And it's pretty much a guarantee that the conditions will flop-flop from West Coast to East Coast and everything in between over the next 2 or 3 months. I know I'm in one of those basins with an elevation of 4000 feet and they always say "Welcome to K Falls! If you don't like the weather, wait 15 minutes."
 
Hooray climate change :cool:

This isn't climate change, this is just weather. Climate change is much slower than this, much more insidious. Like 2 degrees Celsius in a hundred years slow. The main danger is that some parts of the human food chain can't tolerate those 2 degrees. Humans will be just fine, as long as they don't starve. In 20-30 years we'll have viable fusion reactors and there will be no sane reason to burn hydrocarbons anymore.
 
This isn't climate change, this is just weather. Climate change is much slower than this, much more insidious. Like 2 degrees Celsius in a hundred years slow. The main danger is that some parts of the human food chain can't tolerate those 2 degrees. Humans will be just fine, as long as they don't starve. In 20-30 years we'll have viable fusion reactors and there will be no sane reason to burn hydrocarbons anymore.

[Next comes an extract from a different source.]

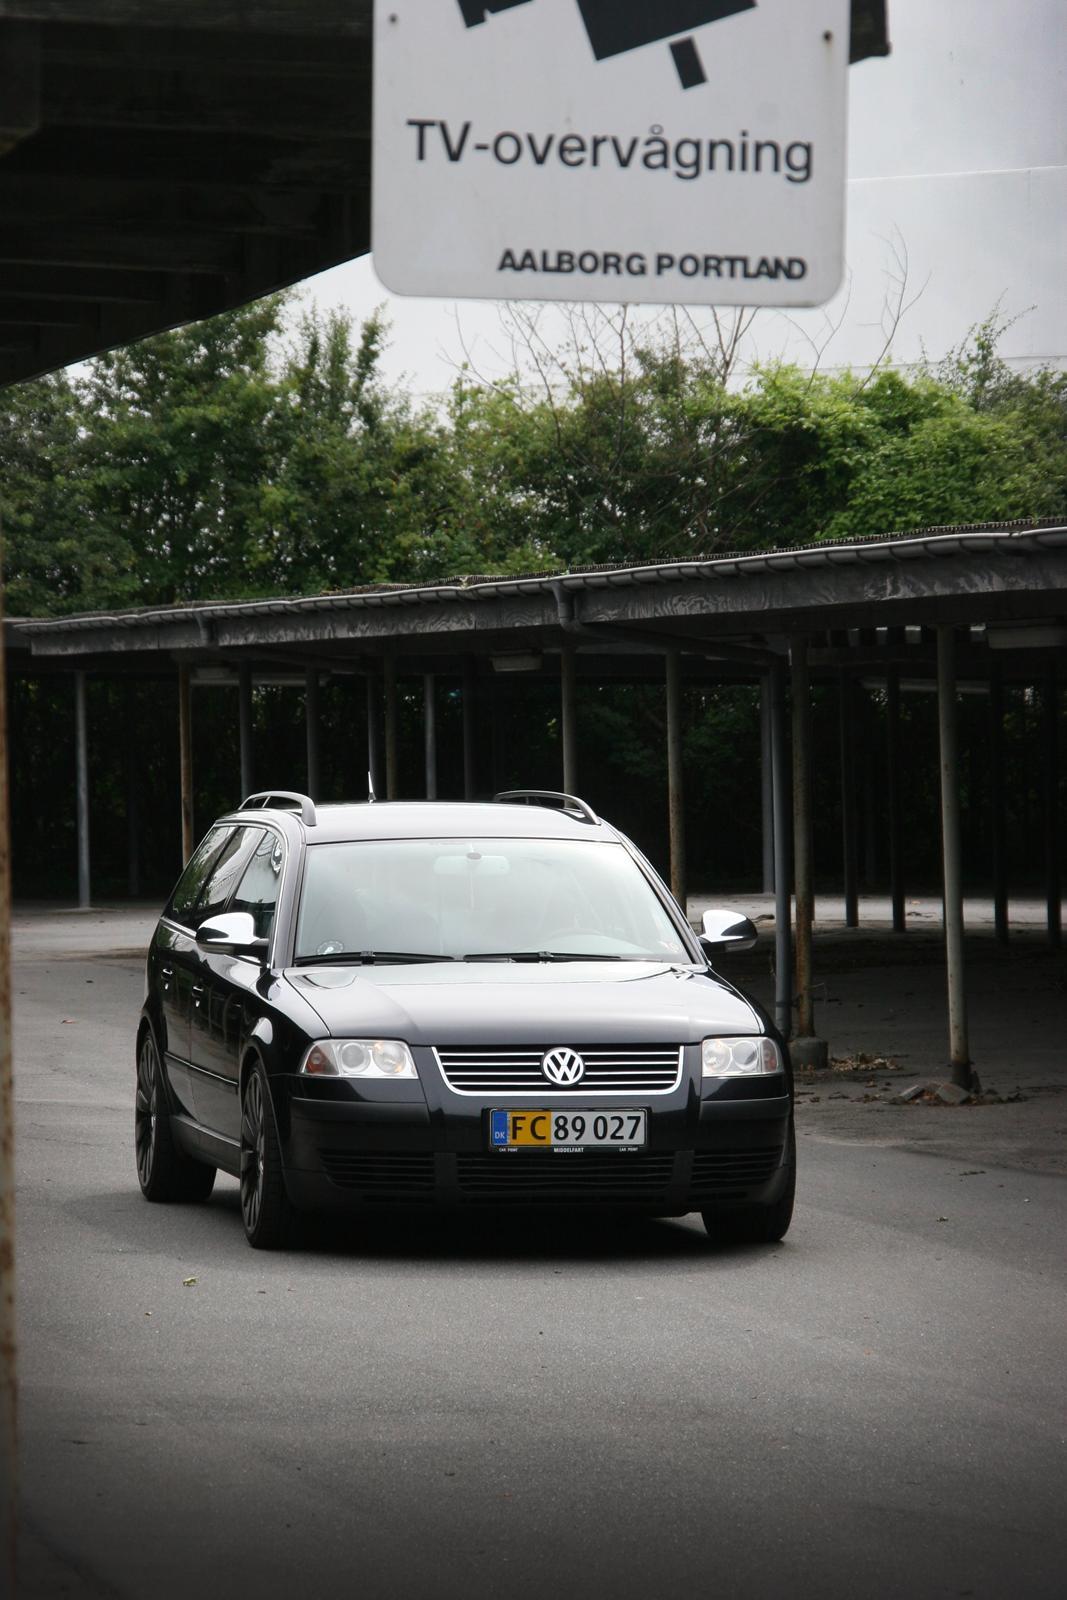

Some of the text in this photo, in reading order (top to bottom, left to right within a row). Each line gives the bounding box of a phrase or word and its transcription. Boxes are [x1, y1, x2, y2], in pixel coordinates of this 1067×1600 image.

[406, 119, 814, 183] TV-overvågning
[497, 249, 808, 281] AALBORG PORTLAND
[494, 1131, 506, 1140] DK
[511, 1115, 641, 1141] FC 89 027

It is an effect of climate change. The temperature rise over the last hundred year was "only" about 1 degree celsius, but the rate will increase.
"Humans will be just fine, as long as they don't starve" is actually really funny :D
 
Why is it that when it gets colder somewhere it's not an effect of climate change, but when it gets warmer it's "climate change"? The upward trend is clearly there, no question about it, but it's much too slow for us to notice anything different from year to year. You're going to tell me that Cliff has his window open because it's 0.02 degrees centigrade warmer outside on average? Please.
 
This is a dramatization but it’s based on a true story.


I'd be fine believing all those dire prognostications if they had skin in the game. I.e. you're a climate scientist, you say "science is settled", and you project that in 20 years something concrete and catastrophic will happen and it does not (which BTW, historically it usually doesn't), you go and spend a few years in jail. That'd tone down the rhetoric considerably and bring it back into the factual realm where we can actually work on concrete solutions to issues.

Right now, though, there's every incentive for predicting doom and gloom and no downside at all (in fact you could be kicked out of the profession if you don't do it), so half the country believes we're all going to be dead in 12 years because cows fart. You're not going to get meaningful policy out of this. You can get a binary, extreme choice instead: if the "greens" prevail we shut down our economy and that does nothing anyway because everybody else burns coal. If they do not, everything continues down the same path it's been going for the last 100 years, and in another 30-50 years we'll start to really feel it, but by then it'll already be way too late, barring some dramatic technological breakthrough in atmospheric carbon capture (and energy generation which will be required to power carbon capture).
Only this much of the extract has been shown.